> **Description of the task**
Wherever pictures occur in the entries below, leave them out and retype the rest exactly.

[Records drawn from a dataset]
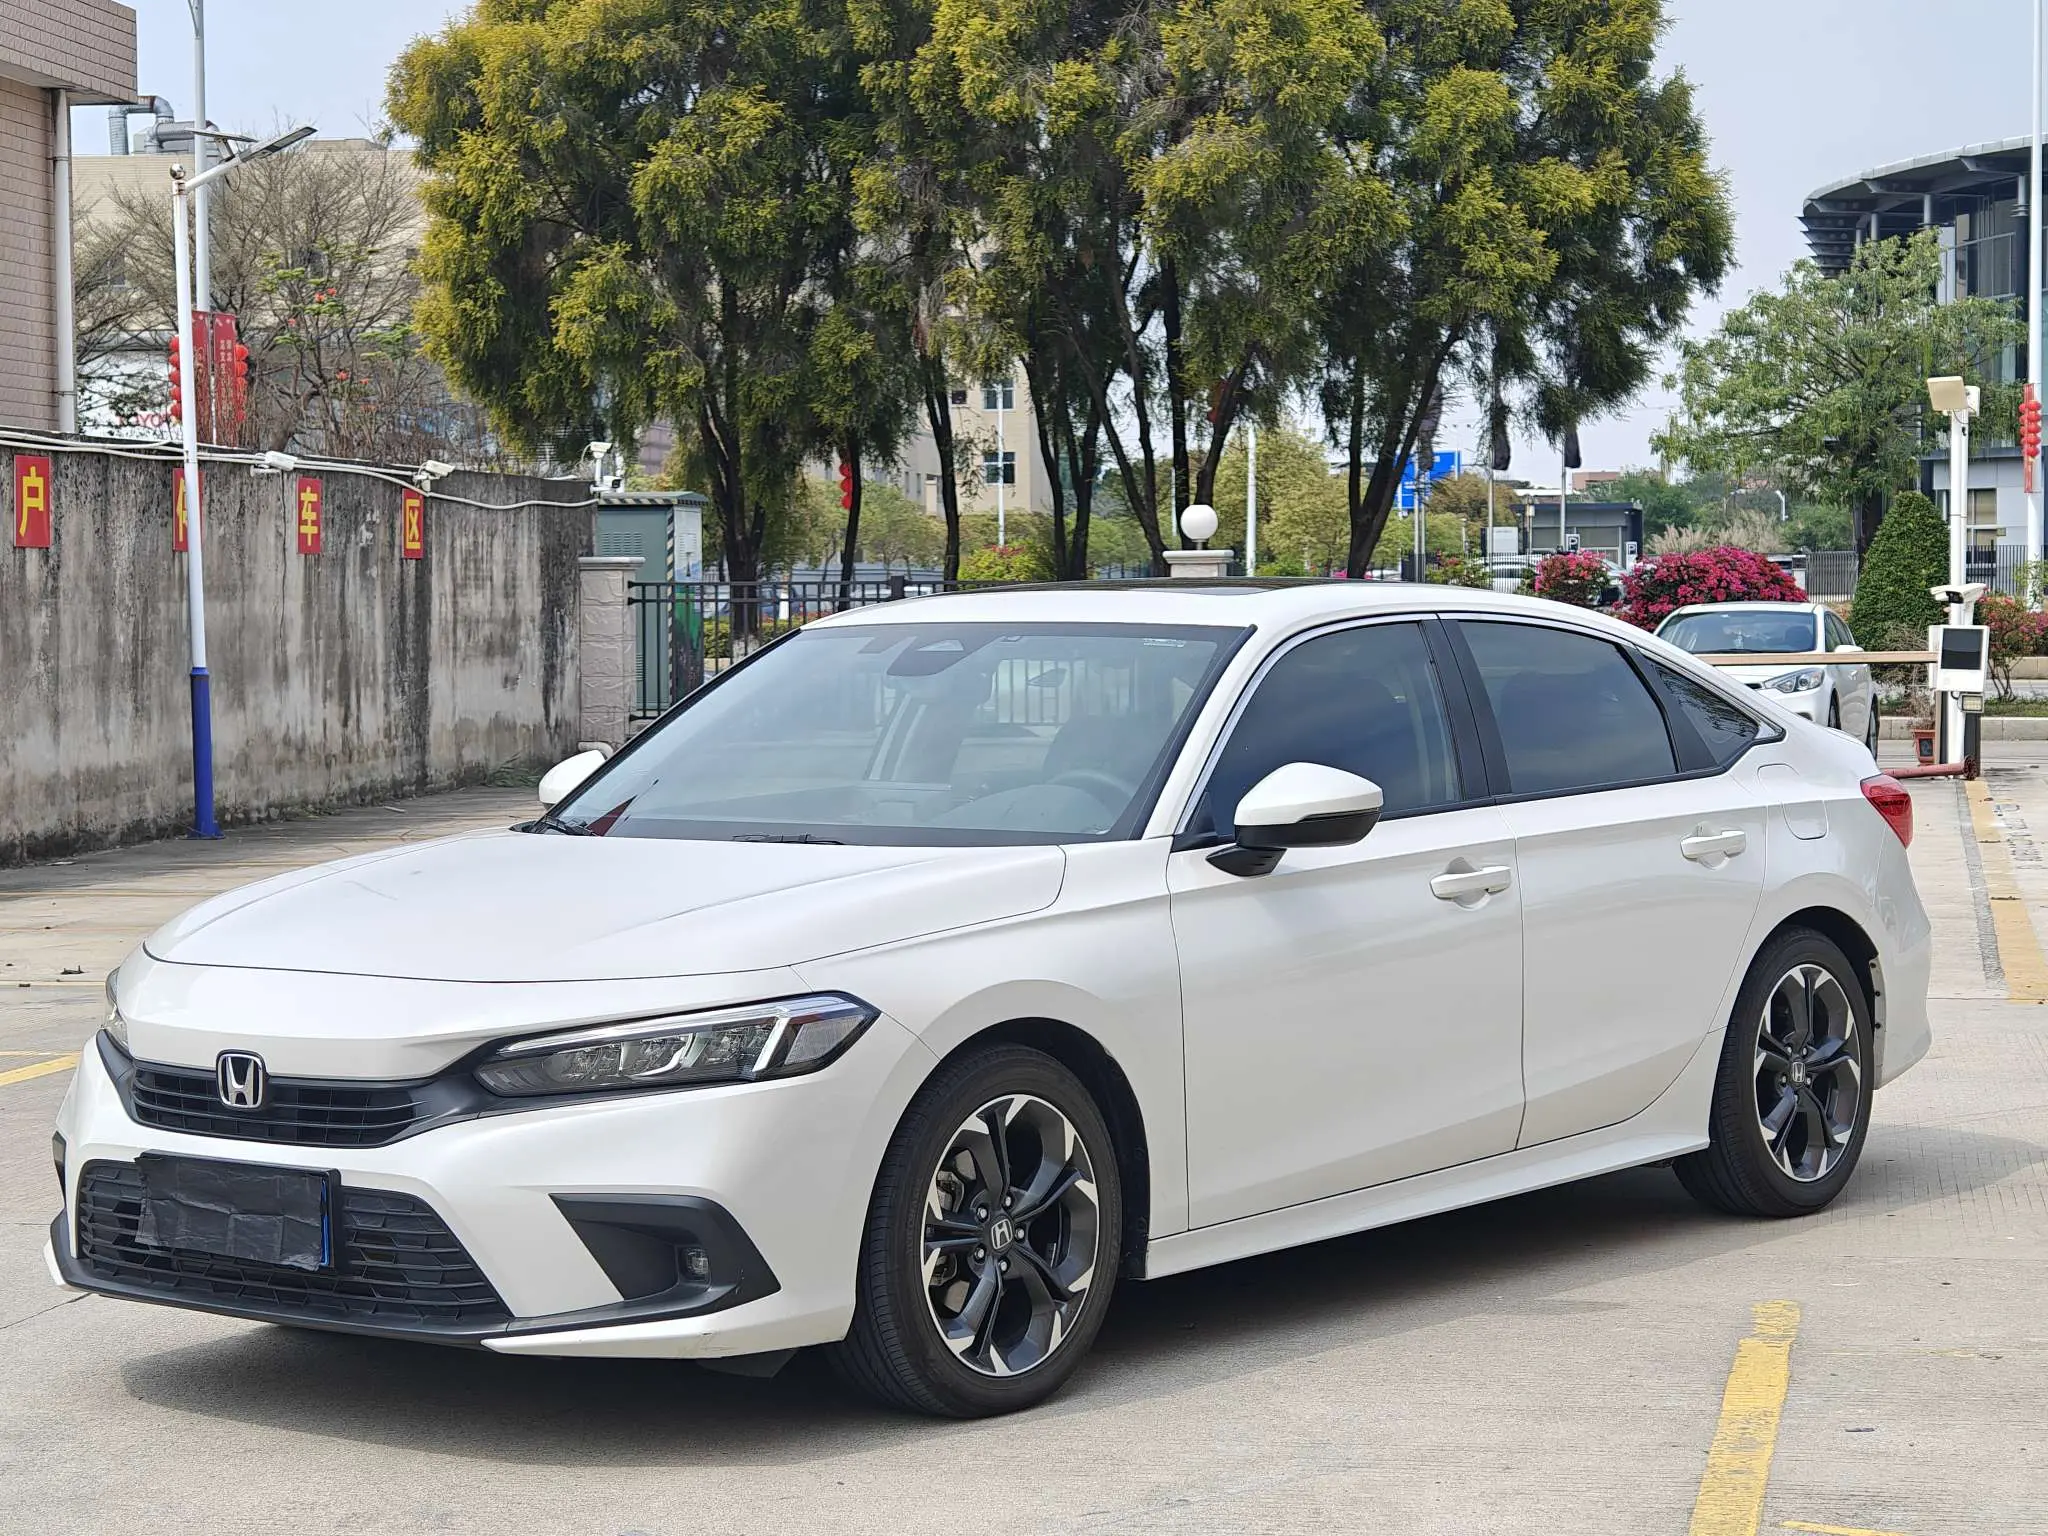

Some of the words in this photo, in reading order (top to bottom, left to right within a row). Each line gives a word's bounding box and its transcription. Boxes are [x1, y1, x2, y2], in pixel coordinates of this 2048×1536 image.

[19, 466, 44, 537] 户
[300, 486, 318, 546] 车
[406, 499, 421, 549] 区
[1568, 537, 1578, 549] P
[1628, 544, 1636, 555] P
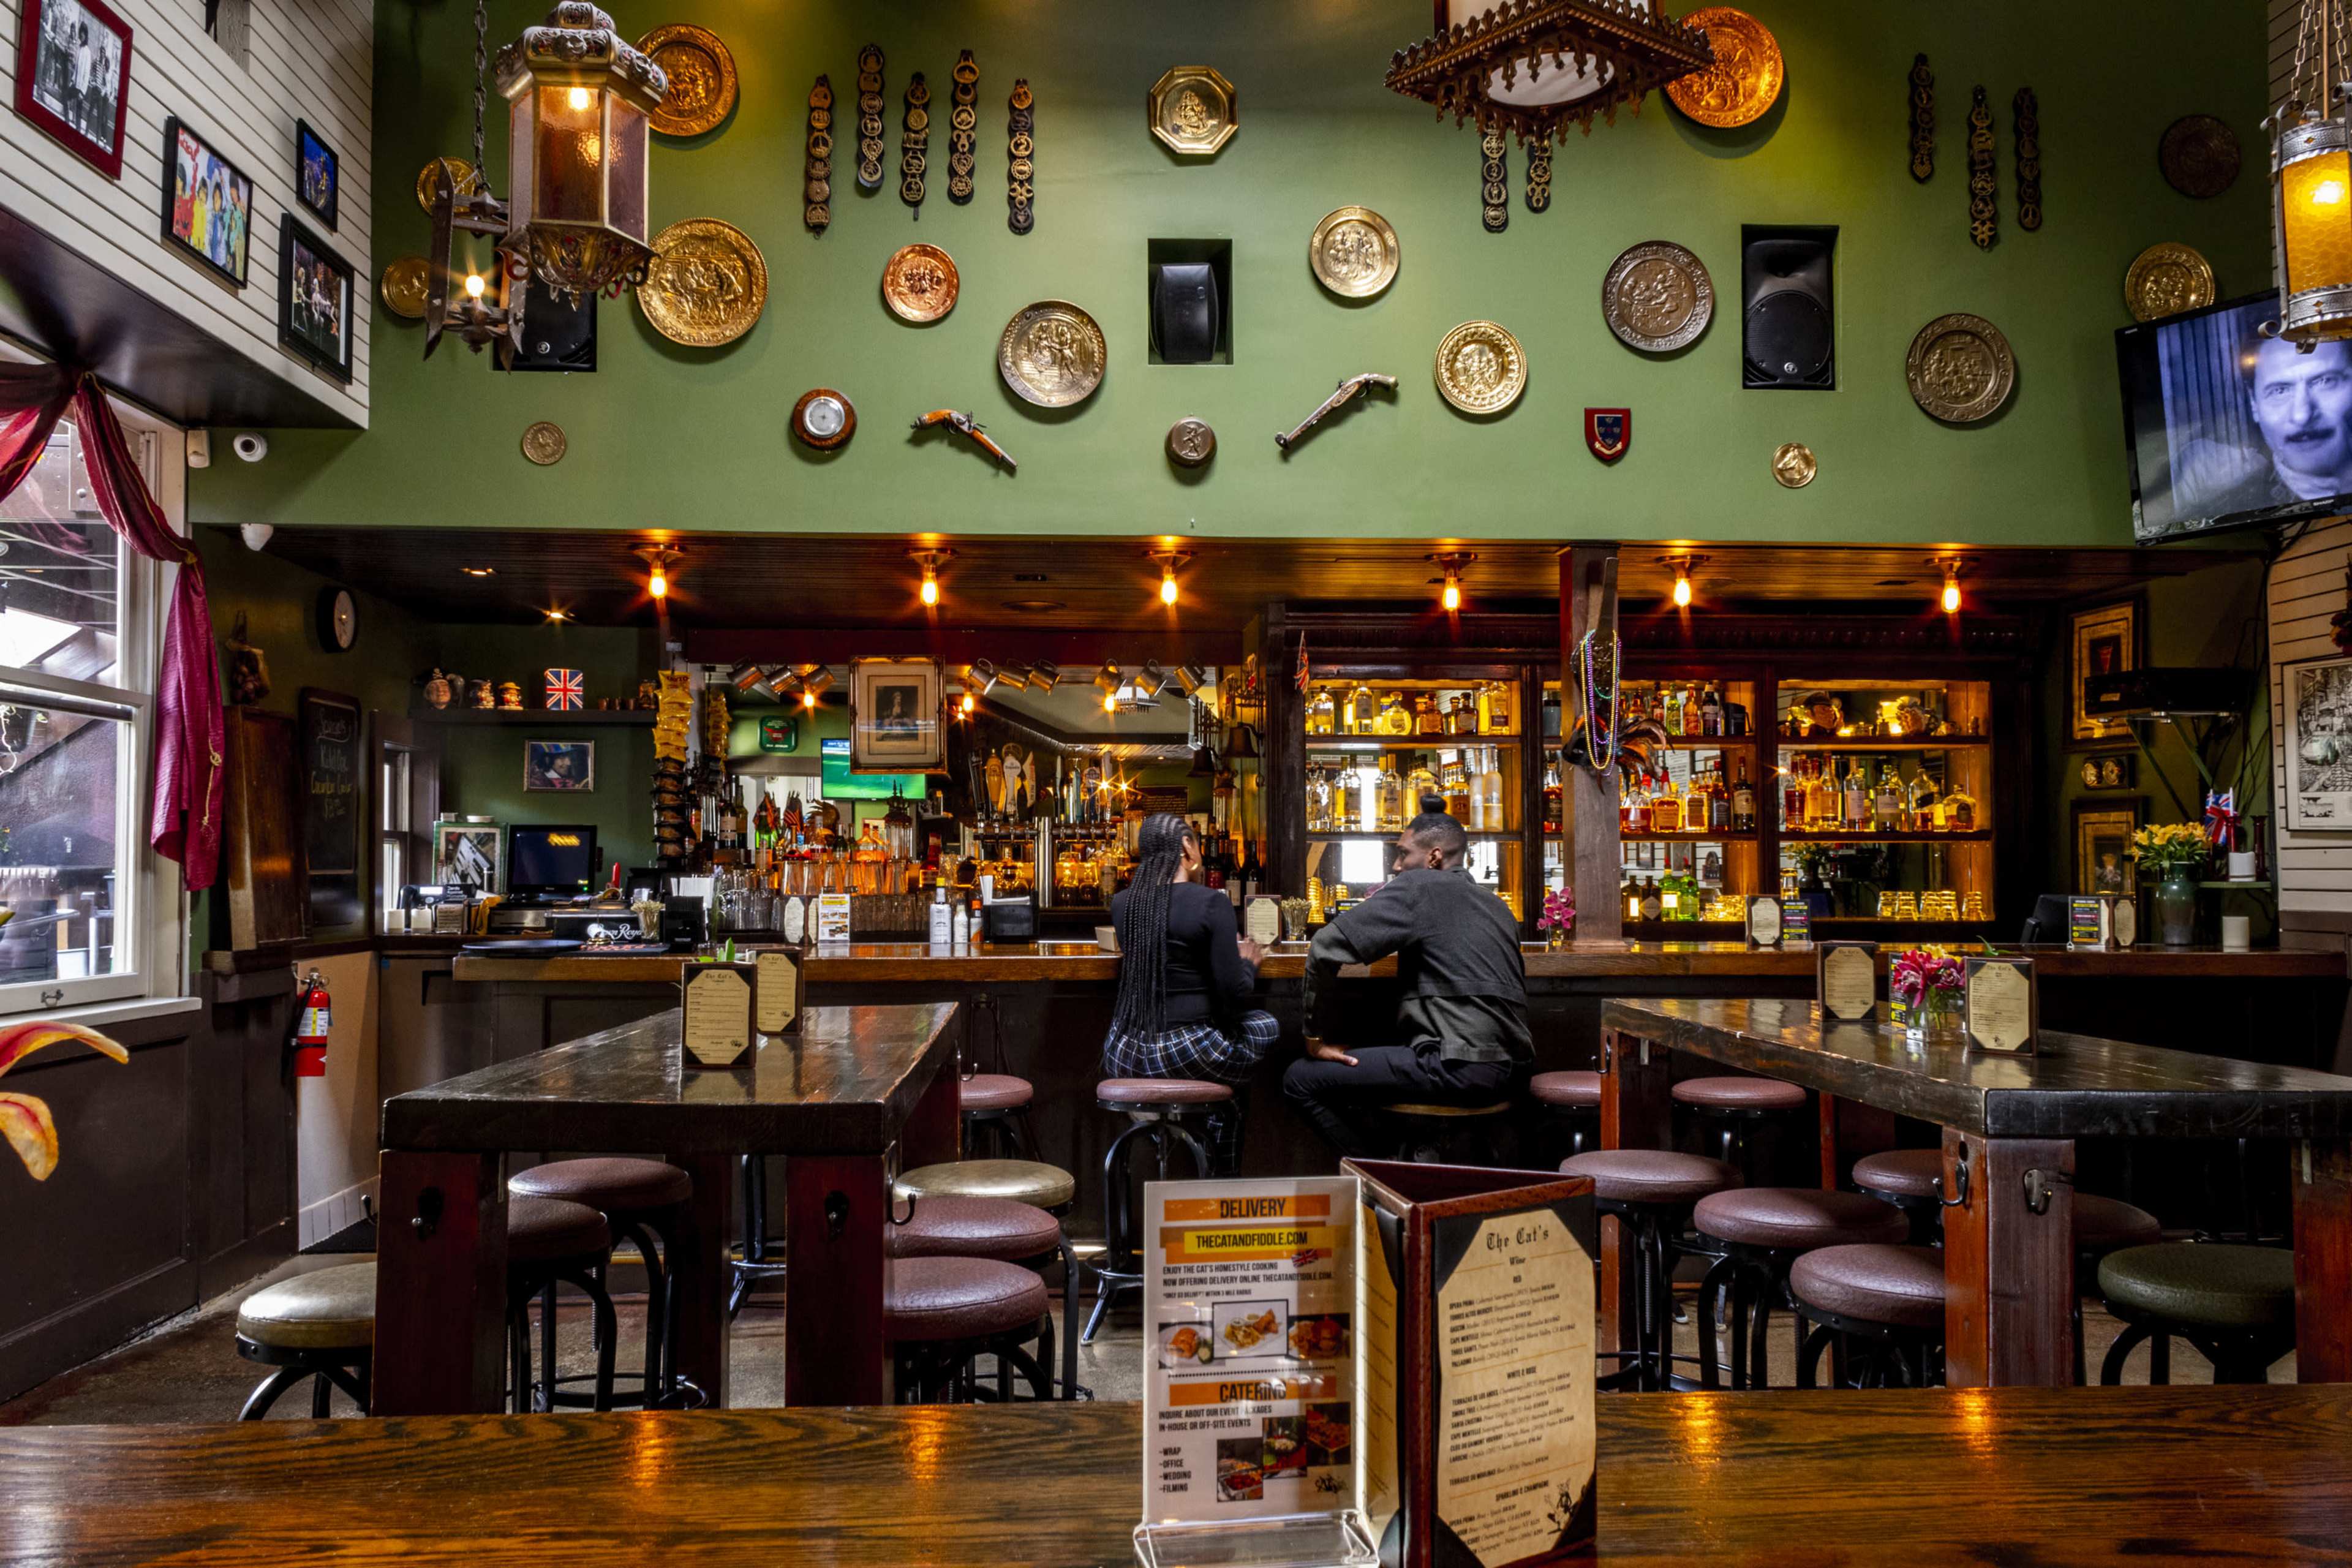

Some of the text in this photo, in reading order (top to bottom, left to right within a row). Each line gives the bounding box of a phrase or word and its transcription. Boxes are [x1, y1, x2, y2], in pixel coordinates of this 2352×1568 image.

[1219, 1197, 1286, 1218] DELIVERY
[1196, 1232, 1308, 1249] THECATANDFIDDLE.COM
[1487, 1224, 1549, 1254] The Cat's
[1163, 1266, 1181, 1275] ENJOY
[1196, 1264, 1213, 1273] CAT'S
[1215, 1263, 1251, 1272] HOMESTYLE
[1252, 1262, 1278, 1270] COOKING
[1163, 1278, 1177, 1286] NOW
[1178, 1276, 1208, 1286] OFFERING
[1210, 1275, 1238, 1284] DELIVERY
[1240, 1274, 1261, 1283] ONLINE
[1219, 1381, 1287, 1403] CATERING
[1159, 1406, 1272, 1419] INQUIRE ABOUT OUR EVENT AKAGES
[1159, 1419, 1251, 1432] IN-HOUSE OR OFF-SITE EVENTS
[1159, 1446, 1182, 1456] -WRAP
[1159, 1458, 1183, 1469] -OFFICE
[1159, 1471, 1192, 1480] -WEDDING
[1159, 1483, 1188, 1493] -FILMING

> **Solved problem**
Some of the words in this photo, in reading order (top to bottom, left to right within a row). Each line gives a word's bounding box and its transcription. Boxes are [x1, y1, x2, y2], in pixel coordinates of this 2048×1536 image.

[19, 466, 44, 537] 户
[300, 486, 318, 546] 车
[406, 499, 421, 549] 区
[1568, 537, 1578, 549] P
[1628, 544, 1636, 555] P

Some of the text in this photo, in reading order (top to bottom, left to right within a row). Each line gives the bounding box of a phrase or word and its transcription. Boxes are [x1, y1, x2, y2], in pixel coordinates of this 2352×1568 image.

[1219, 1197, 1286, 1218] DELIVERY
[1196, 1232, 1308, 1249] THECATANDFIDDLE.COM
[1487, 1224, 1549, 1254] The Cat's
[1163, 1266, 1181, 1275] ENJOY
[1196, 1264, 1213, 1273] CAT'S
[1215, 1263, 1251, 1272] HOMESTYLE
[1252, 1262, 1278, 1270] COOKING
[1163, 1278, 1177, 1286] NOW
[1178, 1276, 1208, 1286] OFFERING
[1210, 1275, 1238, 1284] DELIVERY
[1240, 1274, 1261, 1283] ONLINE
[1219, 1381, 1287, 1403] CATERING
[1159, 1406, 1272, 1419] INQUIRE ABOUT OUR EVENT AKAGES
[1159, 1419, 1251, 1432] IN-HOUSE OR OFF-SITE EVENTS
[1159, 1446, 1182, 1456] -WRAP
[1159, 1458, 1183, 1469] -OFFICE
[1159, 1471, 1192, 1480] -WEDDING
[1159, 1483, 1188, 1493] -FILMING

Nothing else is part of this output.